Introducing LU: a Simple Implementation
For the first version, we present a straightforward implementation of LU factorization. It consists of n-1 steps, where each step introduces more zeros below the diagonal, as shown in Figure 1 .
Tools often used to teach Gaussian elimination include MATLAB and Python. They are scripting languages that make developing matrix algorithms very simple. The notation might seem very unusual to people familiar with other scripting languages because it is oriented to process multidimensional arrays. The unique features of the language that we use in the example code are:
• Transposition operator for vectors and matrices: ' (single quote)
• Matrix indexing specified as: • Built-in matrix functions such as size or shape (returns matrix dimensions), tril (returns the lower triangular portion of the matrix), triu (returns the upper triangular portion of the matrix), and eye (returns an identity matrix, which contains only zero entries, except for the diagonal, which is all ones).
The algorithm presented in Figure 1 is row-oriented, in the sense that we are taking a scalar multiple of the "pivot" row and adding it to the rows below to introduce zeros below the diagonal. The beauty of the algorithm lies in its similarity to the mathematical notation. Hence, this is the preferred way of teaching the algorithm for the first time so that students can quickly turn formulas into running code.

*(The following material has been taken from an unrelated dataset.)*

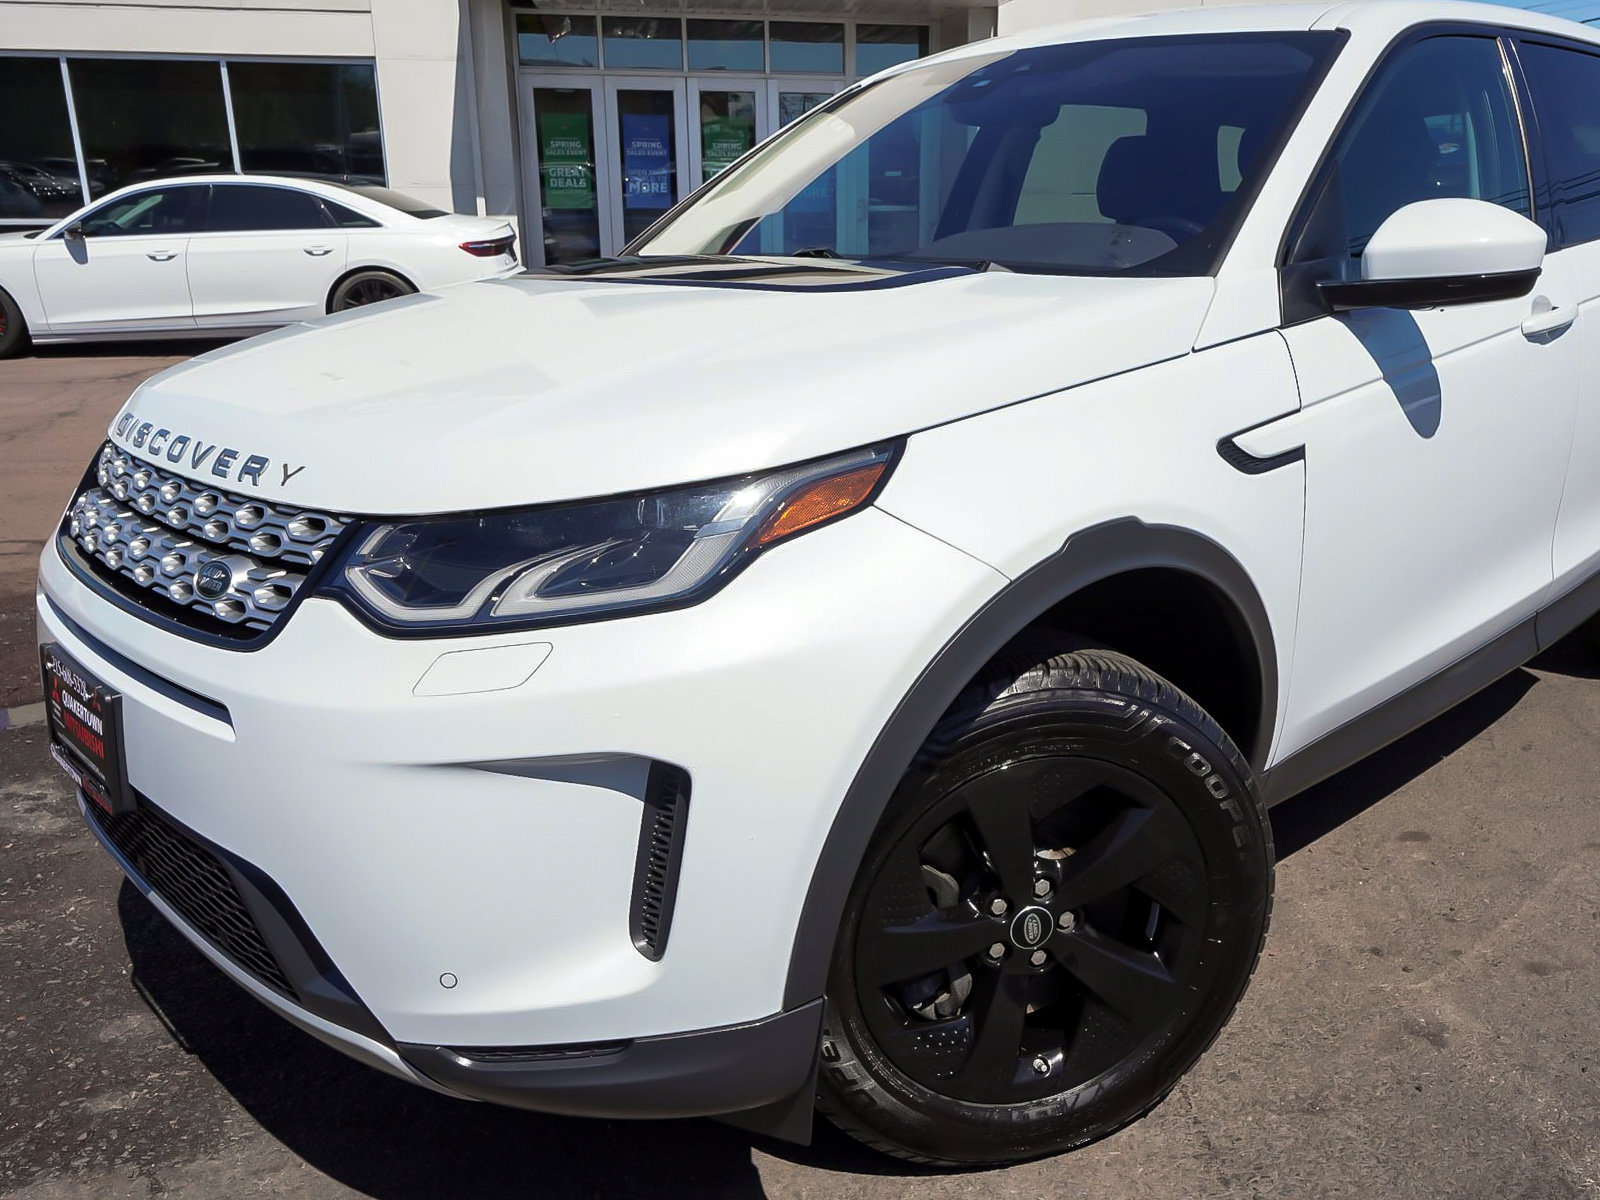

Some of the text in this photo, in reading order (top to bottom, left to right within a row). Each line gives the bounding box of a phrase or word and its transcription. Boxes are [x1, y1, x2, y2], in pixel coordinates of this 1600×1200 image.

The convenience has its price, however, and it is not only related to the overhead of scripting language interpretation. In the 1970s, Fortran was the language for scientific computations. Fortran stores two-dimensional arrays by column. Accessing the array in a row-wise fashion within the matrix could involve successive memory reference to locations separated from each other by a large increment, depending on the size of the declared array. The situation was further complicated by the operating system's use of memory pages to effectively control memory usage. With a large matrix and a row-oriented algorithm in a Fortran environment, an excessive number of page swaps might be generated in the process of running the software. Cleve Moler pointed this out in the 1970s [17] .
To avoid this situation, one needed simply to interchange the order of the innermost nested loops on i and j. This simple change resulted in more than 30% savings in wall-clock time to solve problems of size 200 on an IBM 360/67. Expressiveness of the code was thus traded for efficiency by using a less obvious ordering of loops and the use of a much more obscure (by today's standard) language.
Implementation for Vector Computers
In the second half of the seventies the introduction of vector computer systems marked the beginning of modern Supercomputing. These systems offered a performance advantage of at least one order of magnitude over conventional systems of that time. Raw performance was the main if not the only selling argument. In the first half of the eighties the integration of vector systems in conventional computing environments became more important. Only the manufacturers, which provided standard programming environments, operating systems and key applications, were successful in getting industrial customers and survived. Performance was mainly increased by improved chip technologies and by producing shared memory multi-processor systems. They were able in one step to perform a single operation on a relatively large number of operands stored in vector registers. Expressing matrix algorithms as vector-vector operations was a natural fit for this type of machines [18] . However, some of the vector designs had a limited ability to load and store the vector registers in main memory. A technique called chaining allowed this limitation to be circumvented by moving data between the registers before accessing main memory. Chaining required recasting linear algebra in terms of matrix-vector operations.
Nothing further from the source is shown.